What you should do >>
Quote exactly the lines running from the line with "this 1386×1387 image." to the end of the entries, including both, and nothing else.

Stored data entries >>
>>>>>
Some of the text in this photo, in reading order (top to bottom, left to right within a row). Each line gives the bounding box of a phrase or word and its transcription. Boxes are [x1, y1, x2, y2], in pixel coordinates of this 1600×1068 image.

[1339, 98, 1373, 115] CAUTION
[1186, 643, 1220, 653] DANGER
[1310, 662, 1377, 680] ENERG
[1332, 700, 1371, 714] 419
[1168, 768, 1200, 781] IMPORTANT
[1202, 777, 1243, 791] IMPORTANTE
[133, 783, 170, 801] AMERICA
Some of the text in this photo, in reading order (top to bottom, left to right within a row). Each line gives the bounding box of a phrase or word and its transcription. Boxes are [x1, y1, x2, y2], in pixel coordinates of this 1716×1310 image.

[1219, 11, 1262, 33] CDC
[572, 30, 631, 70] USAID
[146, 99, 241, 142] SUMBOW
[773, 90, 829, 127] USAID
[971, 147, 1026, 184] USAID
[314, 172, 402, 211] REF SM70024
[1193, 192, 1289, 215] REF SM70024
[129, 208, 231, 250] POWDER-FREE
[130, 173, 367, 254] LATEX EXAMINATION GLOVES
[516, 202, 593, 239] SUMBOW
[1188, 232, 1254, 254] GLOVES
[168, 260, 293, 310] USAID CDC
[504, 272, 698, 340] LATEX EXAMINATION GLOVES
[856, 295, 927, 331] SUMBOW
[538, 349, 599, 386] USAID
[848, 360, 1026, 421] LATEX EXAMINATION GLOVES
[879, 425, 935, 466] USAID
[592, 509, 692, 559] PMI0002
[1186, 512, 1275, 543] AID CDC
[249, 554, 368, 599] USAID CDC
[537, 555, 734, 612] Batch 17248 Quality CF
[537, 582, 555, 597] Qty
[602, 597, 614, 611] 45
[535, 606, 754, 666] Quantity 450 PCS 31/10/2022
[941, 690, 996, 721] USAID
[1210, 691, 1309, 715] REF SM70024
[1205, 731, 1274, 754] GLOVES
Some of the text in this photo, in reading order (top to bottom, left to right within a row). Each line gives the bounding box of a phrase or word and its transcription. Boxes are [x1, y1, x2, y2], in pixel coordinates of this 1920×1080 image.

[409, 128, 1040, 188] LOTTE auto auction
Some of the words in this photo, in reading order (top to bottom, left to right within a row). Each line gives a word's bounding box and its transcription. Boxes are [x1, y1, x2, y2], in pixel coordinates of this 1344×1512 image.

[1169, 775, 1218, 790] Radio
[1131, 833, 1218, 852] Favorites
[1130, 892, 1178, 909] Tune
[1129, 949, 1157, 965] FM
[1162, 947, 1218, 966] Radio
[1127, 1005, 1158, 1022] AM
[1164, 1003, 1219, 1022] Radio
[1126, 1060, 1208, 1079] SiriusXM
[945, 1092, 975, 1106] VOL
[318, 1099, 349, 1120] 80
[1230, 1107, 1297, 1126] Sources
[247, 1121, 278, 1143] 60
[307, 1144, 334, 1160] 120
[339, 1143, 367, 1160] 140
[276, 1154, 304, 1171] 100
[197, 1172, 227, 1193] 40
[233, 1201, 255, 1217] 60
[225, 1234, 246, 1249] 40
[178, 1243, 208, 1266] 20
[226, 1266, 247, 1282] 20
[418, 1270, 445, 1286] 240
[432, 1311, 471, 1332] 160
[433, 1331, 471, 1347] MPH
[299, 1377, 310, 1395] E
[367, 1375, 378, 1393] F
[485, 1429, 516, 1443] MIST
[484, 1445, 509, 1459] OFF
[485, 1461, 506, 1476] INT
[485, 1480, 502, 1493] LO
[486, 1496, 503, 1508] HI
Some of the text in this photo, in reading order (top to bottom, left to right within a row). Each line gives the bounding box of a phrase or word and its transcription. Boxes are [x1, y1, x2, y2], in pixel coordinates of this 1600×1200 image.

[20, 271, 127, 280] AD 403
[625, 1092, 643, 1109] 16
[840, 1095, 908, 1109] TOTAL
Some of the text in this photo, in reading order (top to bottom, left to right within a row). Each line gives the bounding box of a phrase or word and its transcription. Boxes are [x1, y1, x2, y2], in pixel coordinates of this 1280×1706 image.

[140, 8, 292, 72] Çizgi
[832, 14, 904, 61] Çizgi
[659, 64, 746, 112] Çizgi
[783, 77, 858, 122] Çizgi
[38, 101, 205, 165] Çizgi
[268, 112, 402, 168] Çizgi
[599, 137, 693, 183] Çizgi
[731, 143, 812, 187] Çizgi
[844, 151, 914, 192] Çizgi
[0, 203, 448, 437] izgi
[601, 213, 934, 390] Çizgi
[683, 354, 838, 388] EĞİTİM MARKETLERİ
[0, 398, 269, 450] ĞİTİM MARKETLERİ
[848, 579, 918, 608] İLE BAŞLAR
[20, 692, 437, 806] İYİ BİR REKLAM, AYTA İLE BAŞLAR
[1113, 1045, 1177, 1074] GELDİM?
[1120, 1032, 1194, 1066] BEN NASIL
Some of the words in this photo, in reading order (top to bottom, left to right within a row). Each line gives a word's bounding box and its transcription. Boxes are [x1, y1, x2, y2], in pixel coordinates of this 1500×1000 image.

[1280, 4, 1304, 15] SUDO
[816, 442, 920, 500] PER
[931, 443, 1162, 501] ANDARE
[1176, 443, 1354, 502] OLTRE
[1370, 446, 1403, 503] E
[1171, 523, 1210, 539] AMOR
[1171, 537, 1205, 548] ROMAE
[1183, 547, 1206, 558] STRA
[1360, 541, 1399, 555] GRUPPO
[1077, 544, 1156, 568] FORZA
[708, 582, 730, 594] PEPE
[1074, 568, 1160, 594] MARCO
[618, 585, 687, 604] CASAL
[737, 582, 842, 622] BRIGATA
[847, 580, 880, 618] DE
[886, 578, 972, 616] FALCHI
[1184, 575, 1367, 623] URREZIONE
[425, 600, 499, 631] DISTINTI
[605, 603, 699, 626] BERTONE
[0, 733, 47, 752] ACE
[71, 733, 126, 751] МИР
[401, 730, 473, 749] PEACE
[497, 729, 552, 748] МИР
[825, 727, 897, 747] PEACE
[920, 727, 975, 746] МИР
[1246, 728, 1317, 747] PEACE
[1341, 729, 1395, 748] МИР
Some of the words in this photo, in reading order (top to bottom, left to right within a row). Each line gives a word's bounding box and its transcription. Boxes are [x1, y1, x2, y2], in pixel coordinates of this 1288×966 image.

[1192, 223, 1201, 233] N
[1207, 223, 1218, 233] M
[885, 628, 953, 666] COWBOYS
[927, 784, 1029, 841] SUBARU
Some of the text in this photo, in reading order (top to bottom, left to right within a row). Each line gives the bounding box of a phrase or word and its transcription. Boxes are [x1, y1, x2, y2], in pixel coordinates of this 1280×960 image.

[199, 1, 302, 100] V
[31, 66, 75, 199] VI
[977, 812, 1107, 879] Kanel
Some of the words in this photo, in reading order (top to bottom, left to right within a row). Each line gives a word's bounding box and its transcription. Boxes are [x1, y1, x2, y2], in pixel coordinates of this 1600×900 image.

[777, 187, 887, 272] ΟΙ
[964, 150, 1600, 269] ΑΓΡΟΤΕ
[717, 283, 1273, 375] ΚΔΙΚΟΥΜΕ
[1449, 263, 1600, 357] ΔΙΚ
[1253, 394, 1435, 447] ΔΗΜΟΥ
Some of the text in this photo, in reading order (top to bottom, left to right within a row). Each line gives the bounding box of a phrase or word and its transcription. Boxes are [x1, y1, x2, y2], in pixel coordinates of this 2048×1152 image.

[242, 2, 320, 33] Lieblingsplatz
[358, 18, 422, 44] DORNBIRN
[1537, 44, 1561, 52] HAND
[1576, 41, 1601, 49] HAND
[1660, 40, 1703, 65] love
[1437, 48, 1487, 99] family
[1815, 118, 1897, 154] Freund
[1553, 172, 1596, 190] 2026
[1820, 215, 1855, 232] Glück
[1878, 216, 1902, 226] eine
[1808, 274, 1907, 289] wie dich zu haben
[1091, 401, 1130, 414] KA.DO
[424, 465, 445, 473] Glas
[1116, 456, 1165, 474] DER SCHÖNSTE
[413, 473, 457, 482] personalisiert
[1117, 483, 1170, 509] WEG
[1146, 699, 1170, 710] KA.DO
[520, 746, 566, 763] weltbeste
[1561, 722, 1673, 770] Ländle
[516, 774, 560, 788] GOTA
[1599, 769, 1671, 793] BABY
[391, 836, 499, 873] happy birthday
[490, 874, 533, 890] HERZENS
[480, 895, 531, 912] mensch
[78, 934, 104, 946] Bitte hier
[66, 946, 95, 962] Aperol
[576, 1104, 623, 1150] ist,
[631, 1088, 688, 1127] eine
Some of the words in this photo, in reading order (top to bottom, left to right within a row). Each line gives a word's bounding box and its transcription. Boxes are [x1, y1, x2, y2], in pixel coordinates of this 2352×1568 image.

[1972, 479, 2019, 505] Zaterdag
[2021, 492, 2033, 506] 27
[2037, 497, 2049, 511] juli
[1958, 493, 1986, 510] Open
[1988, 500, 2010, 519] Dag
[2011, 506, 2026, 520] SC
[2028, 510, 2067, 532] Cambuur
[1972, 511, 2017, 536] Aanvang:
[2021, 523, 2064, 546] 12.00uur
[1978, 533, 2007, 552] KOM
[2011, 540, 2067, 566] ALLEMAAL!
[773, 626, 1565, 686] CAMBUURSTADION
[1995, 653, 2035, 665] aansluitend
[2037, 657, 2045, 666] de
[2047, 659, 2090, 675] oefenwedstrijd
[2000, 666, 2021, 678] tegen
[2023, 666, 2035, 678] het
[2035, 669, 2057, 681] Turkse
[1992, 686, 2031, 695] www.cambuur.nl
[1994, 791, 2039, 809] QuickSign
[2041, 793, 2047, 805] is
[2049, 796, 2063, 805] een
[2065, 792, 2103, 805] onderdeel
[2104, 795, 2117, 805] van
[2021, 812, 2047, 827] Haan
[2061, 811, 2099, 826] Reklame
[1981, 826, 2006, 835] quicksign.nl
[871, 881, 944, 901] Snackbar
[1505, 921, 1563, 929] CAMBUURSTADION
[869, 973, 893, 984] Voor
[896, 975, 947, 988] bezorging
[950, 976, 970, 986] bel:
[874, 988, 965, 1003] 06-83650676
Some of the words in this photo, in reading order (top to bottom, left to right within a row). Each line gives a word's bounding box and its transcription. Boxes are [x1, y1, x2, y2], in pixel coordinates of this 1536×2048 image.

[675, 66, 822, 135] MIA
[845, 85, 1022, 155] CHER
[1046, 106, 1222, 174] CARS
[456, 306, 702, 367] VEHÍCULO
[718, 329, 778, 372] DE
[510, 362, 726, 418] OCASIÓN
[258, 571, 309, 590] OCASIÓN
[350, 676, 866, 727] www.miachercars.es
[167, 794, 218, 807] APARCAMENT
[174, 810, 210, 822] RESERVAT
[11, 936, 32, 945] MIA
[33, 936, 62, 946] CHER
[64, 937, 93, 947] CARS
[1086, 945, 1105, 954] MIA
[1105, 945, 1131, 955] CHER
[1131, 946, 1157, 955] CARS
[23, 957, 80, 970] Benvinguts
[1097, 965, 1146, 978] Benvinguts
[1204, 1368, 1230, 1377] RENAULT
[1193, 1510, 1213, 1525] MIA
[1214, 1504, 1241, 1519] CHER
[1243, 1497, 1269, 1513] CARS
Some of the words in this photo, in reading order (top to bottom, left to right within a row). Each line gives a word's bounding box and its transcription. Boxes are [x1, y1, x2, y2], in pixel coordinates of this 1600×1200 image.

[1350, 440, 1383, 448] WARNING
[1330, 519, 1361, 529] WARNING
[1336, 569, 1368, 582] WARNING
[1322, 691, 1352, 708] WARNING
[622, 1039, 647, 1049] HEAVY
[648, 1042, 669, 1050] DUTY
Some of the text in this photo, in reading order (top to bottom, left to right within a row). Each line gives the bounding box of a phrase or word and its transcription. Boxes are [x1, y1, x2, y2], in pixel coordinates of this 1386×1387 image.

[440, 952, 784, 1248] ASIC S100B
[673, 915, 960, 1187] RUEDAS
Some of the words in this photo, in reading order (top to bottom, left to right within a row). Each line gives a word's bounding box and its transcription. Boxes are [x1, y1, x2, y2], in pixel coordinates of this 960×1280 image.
<<<<<
Answer to this problem >>
Some of the text in this photo, in reading order (top to bottom, left to right within a row). Each line gives the bounding box of a phrase or word and its transcription. Boxes are [x1, y1, x2, y2], in pixel coordinates of this 1386×1387 image.

[440, 952, 784, 1248] ASIC S100B
[673, 915, 960, 1187] RUEDAS
Some of the words in this photo, in reading order (top to bottom, left to right within a row). Each line gives a word's bounding box and its transcription. Boxes are [x1, y1, x2, y2], in pixel coordinates of this 960×1280 image.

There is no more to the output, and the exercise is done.